IGH/BCL2 Status Better Predicts Clinico-Pathological Behavior in Primary Splenic Follicular Lymphoma than Histological Grade and Other Molecular Markers

Abstract

Splenic lymphoma may be primary or secondary. Primary splenic lymphoma’s are rare and usually of follicular cell origin representing <1% of Non-Hodgkin’s Lymphoma’s. Most are secondary with 35% representing Marginal Cell sub-type with the rest being Diffuse Large B-Cell Lymphoma’s. Unlike the uniformly aggressive clinical course of Diffuse Large B-Cell Lymphoma’s, biological behavior of Primary Splenic CD10-Positive Small B-Cell Lymphoma/Follicular Lymphoma remains less well defined. We present here a solitary splenic mass confirmed as Primary Splenic CD10-Positive Small B-Cell Lymphoma/Follicular Lymphoma after a diagnostic splenectomy.

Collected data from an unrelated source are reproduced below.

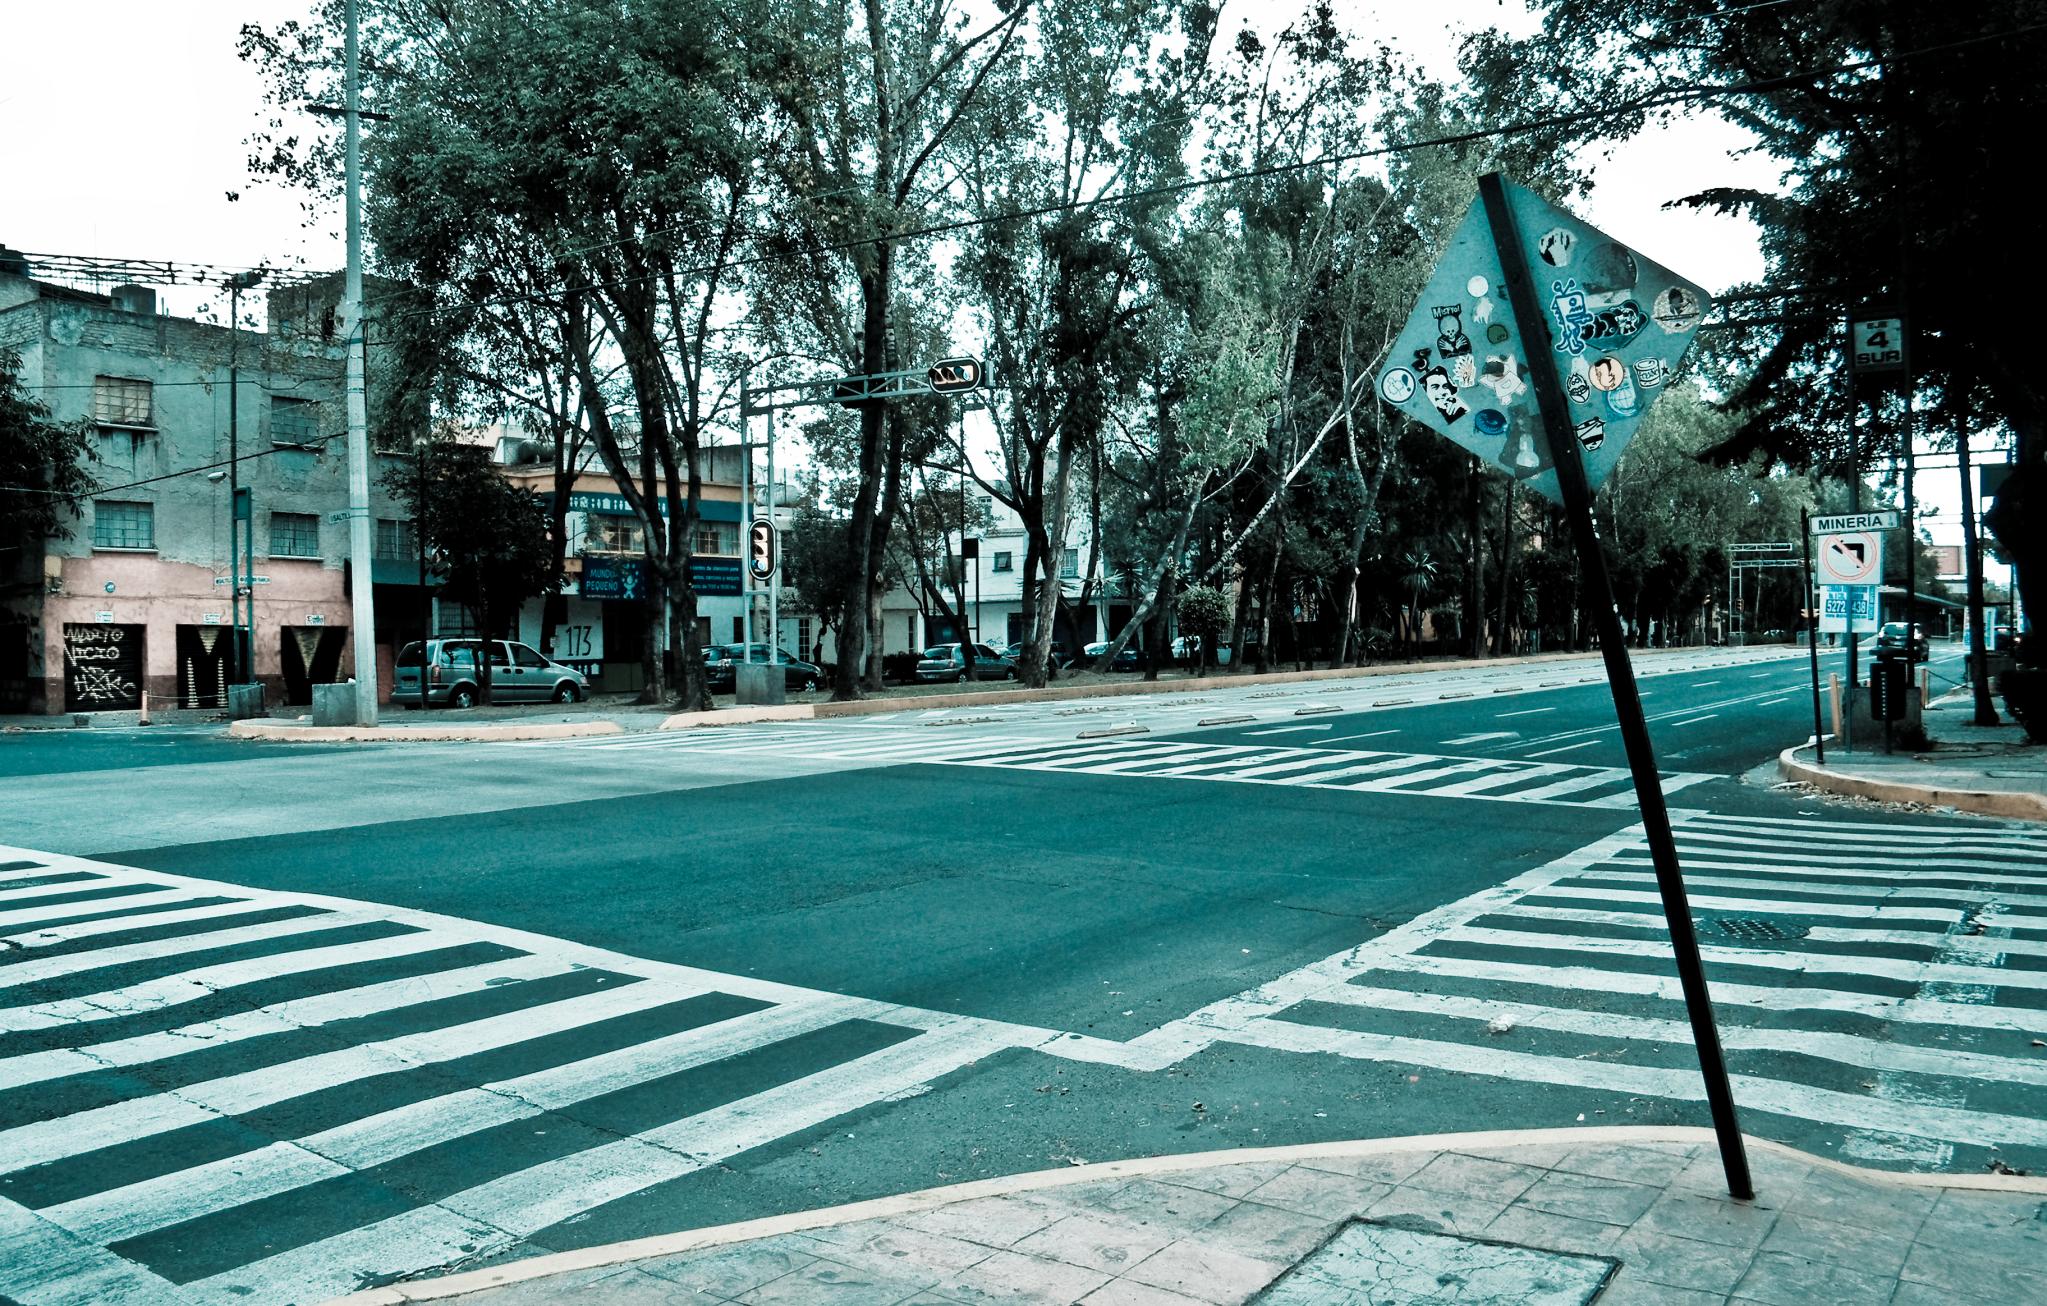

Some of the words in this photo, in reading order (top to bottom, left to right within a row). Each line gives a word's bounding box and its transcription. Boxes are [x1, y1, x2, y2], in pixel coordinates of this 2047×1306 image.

[1867, 321, 1887, 329] EJE
[1867, 332, 1888, 348] 4
[1857, 351, 1899, 364] SUR
[1818, 513, 1882, 530] MINERÍA
[1826, 600, 1846, 612] 5272
[566, 626, 591, 657] 173
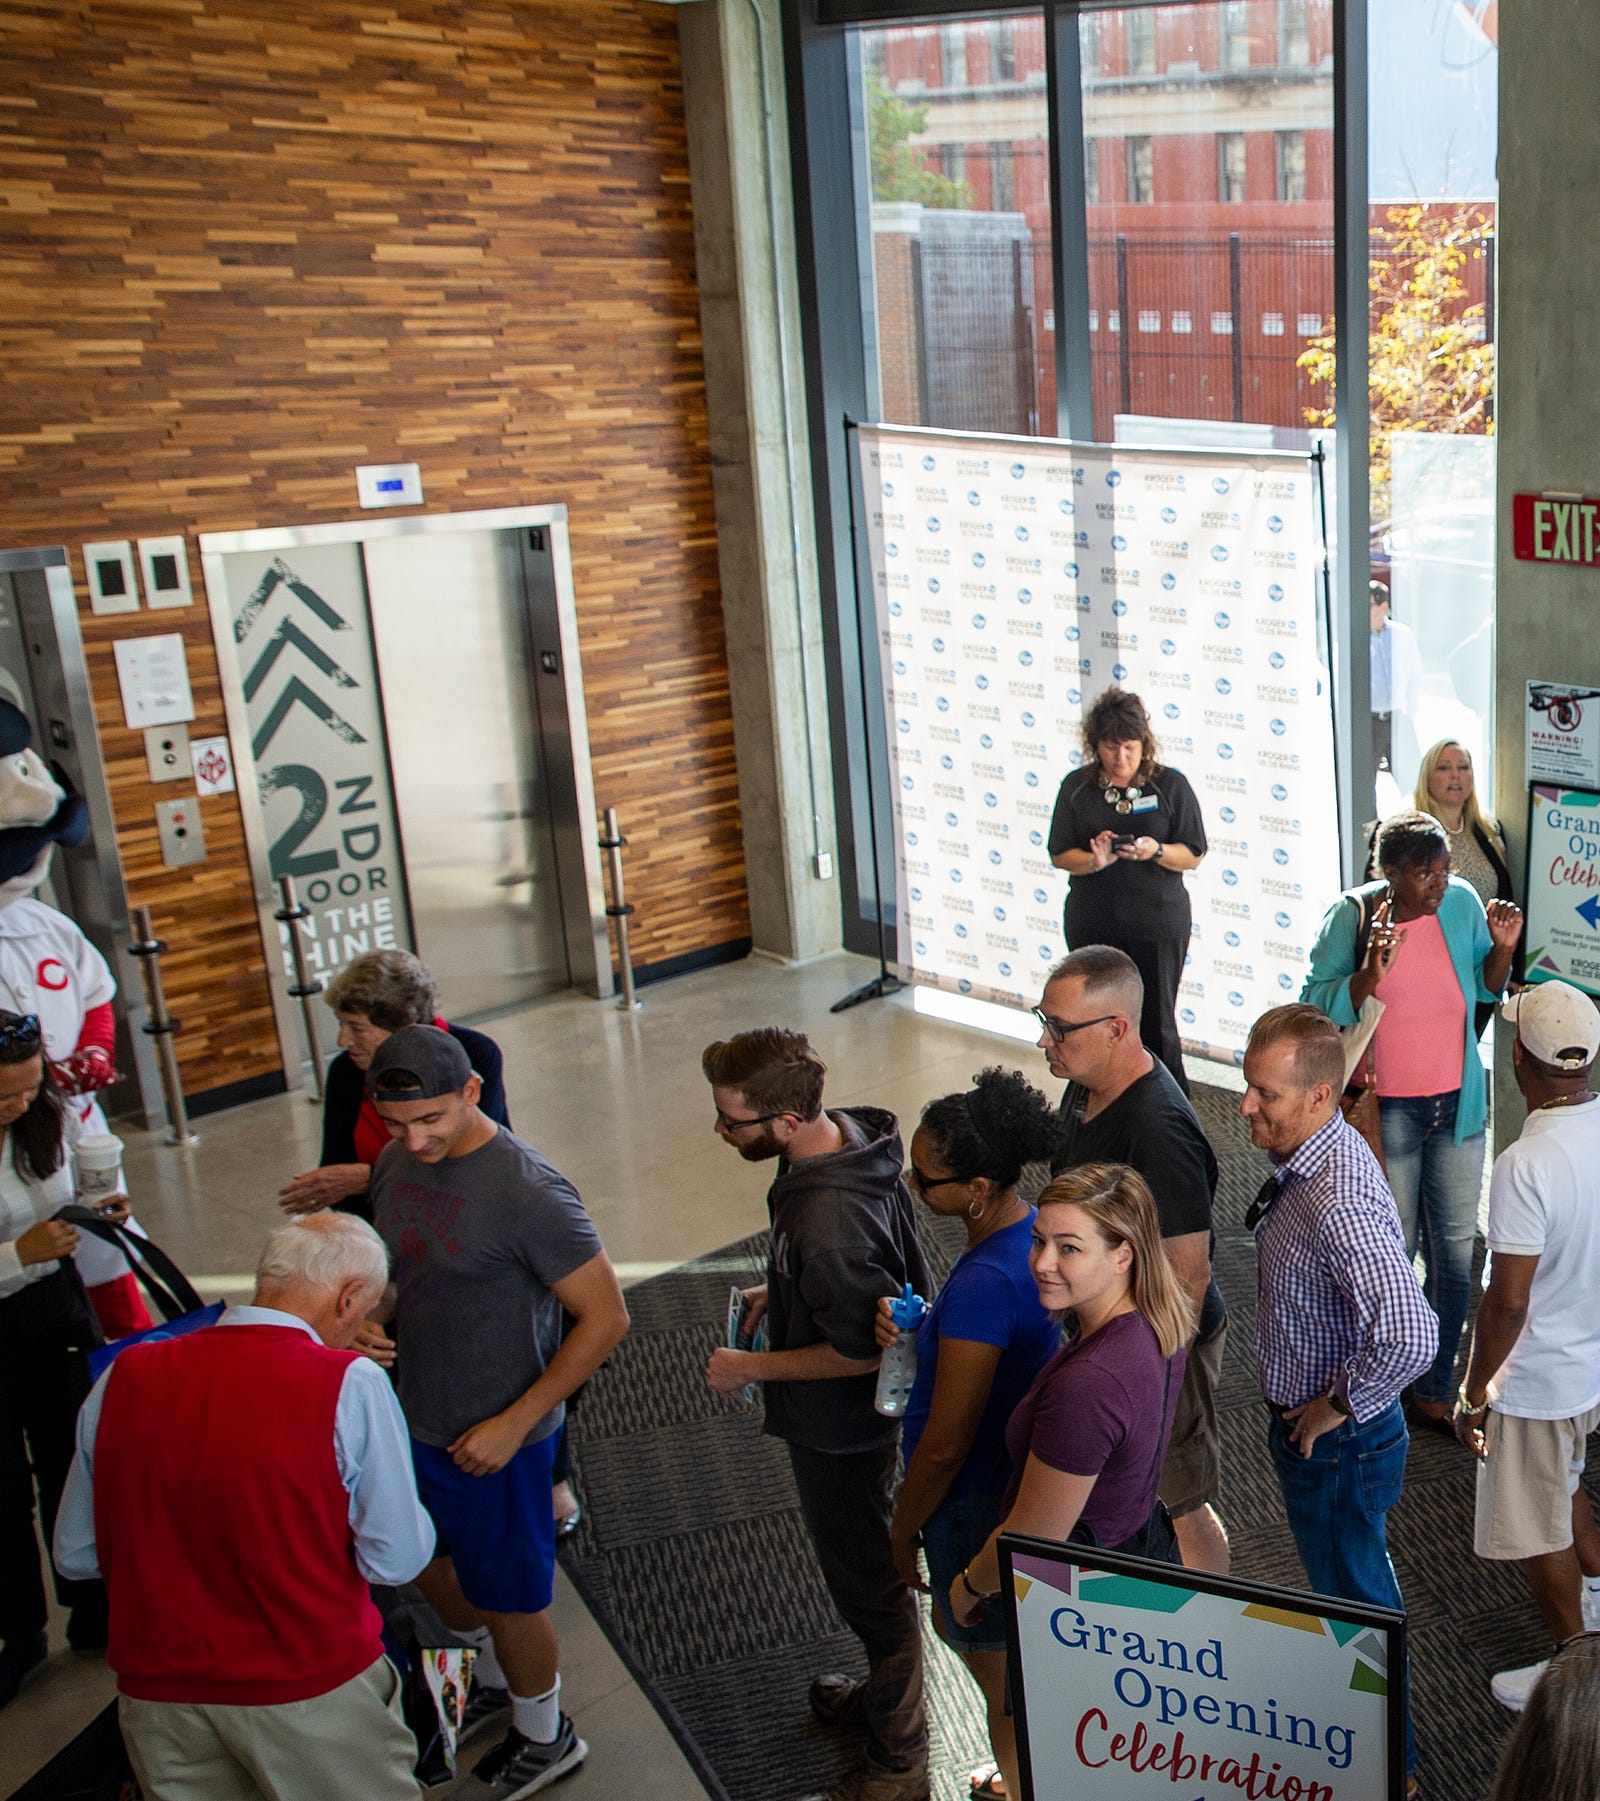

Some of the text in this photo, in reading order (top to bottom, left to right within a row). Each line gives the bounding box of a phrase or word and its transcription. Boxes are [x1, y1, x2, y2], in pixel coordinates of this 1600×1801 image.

[1534, 502, 1597, 562] EXIT
[258, 763, 339, 881] 2
[335, 775, 382, 861] ND
[324, 896, 394, 933] THE
[37, 958, 68, 990] C
[1050, 1607, 1228, 1682] Grand
[1075, 1707, 1334, 1801] Celebration
[1113, 1668, 1356, 1770] Opening
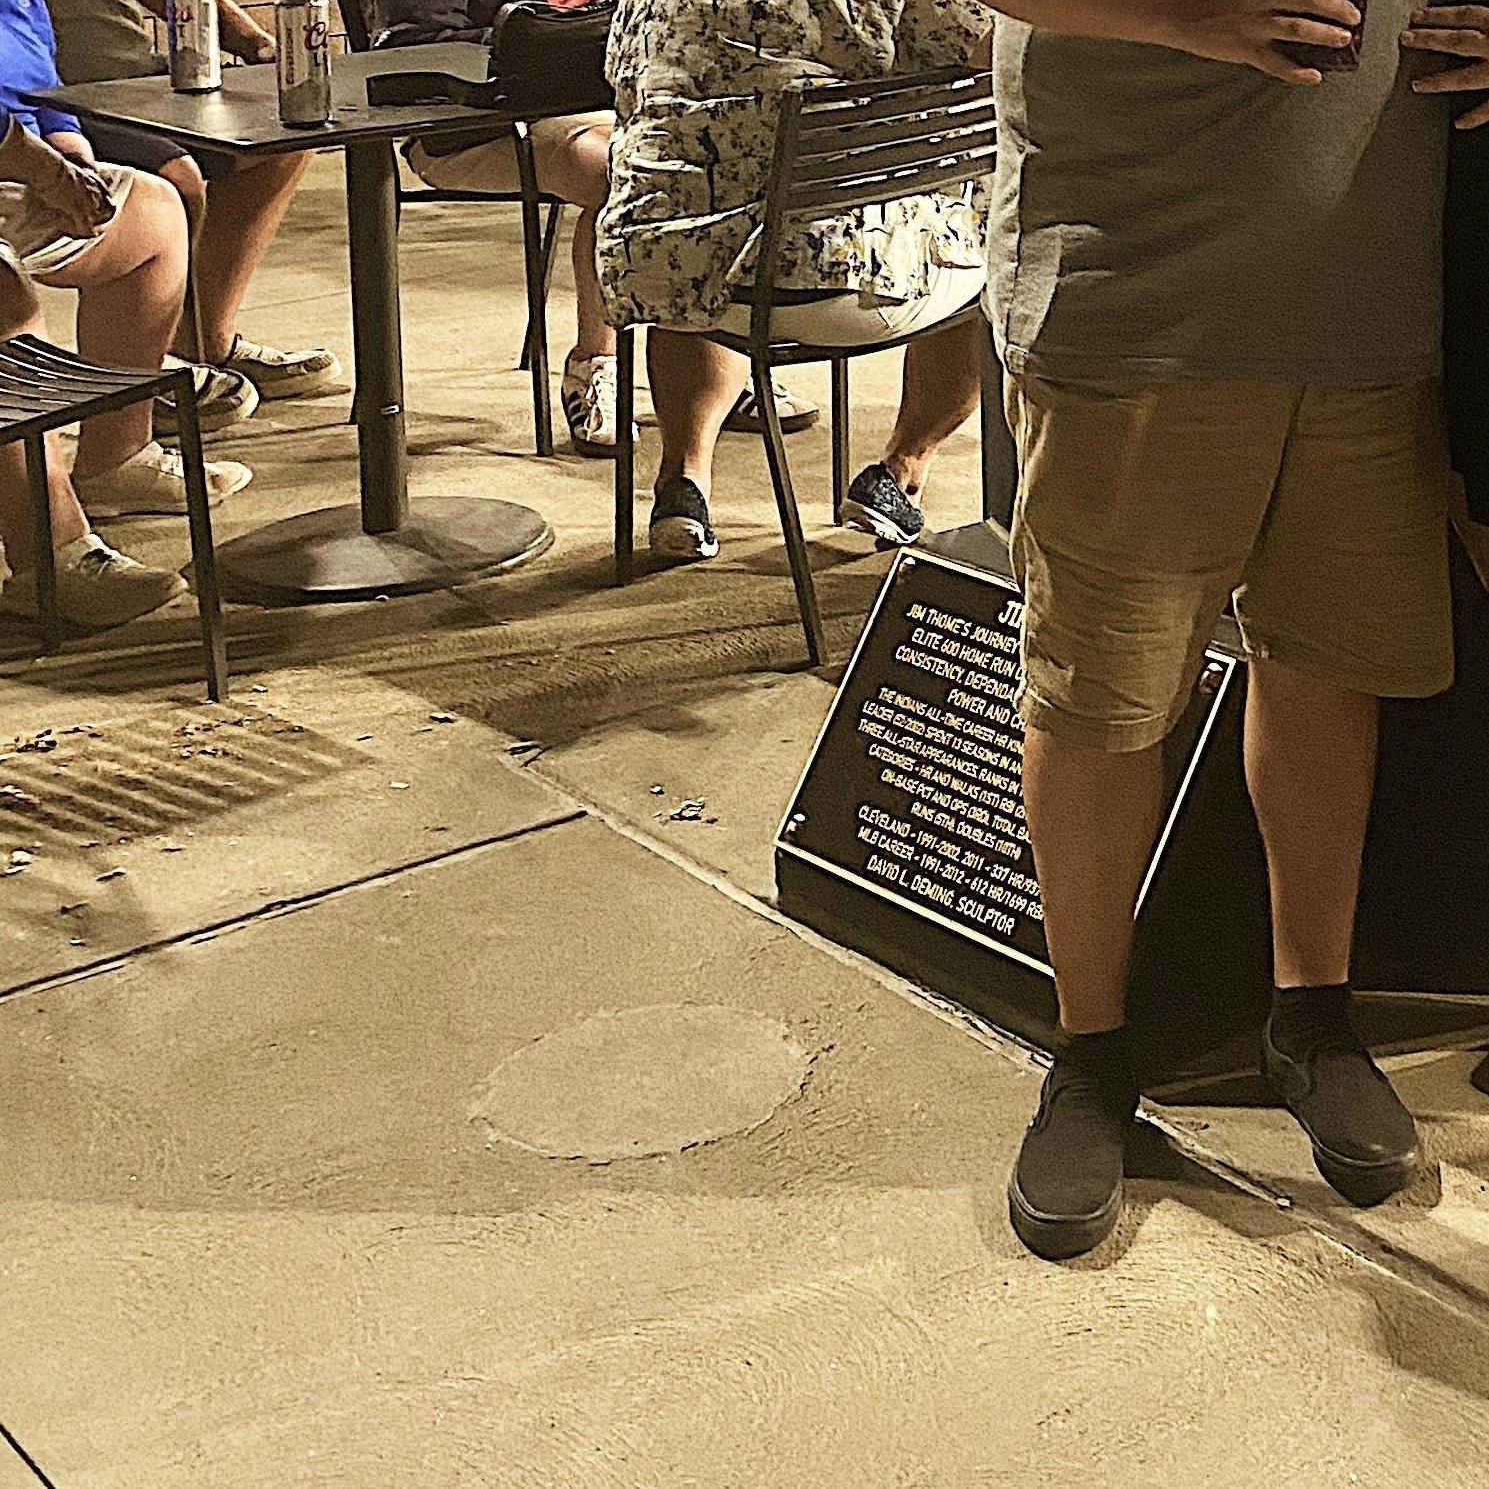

Biopsy revealed monomorphic small lymphoid cells with low grade mitotic activity. Flow cytometry showed a lambda restricted population of B-Cells displaying dim CD19 and CD10. The cells were negative for CD5, CD11c, and CD103. FISH was negative for IGH/BCL2 fusion unlike nodal Follicular Lymphoma’s which are usually positive for this translocation. Evidence from this case and a review of literature support the finding that Primary Splenic CD10-Positive Small B-Cell Lymphoma/Follicular Lymphoma is less likely to have the classic IGH-BCL2 fusion and the associated chromosomal 14;18 translocation. This profile is associated with less aggressive clinical behavior even when histopathology represents a high-grade pattern. In such cases splenectomy alone is adequate for localized disease when negative for IGH/BCL2 fusion regardless of histological grade.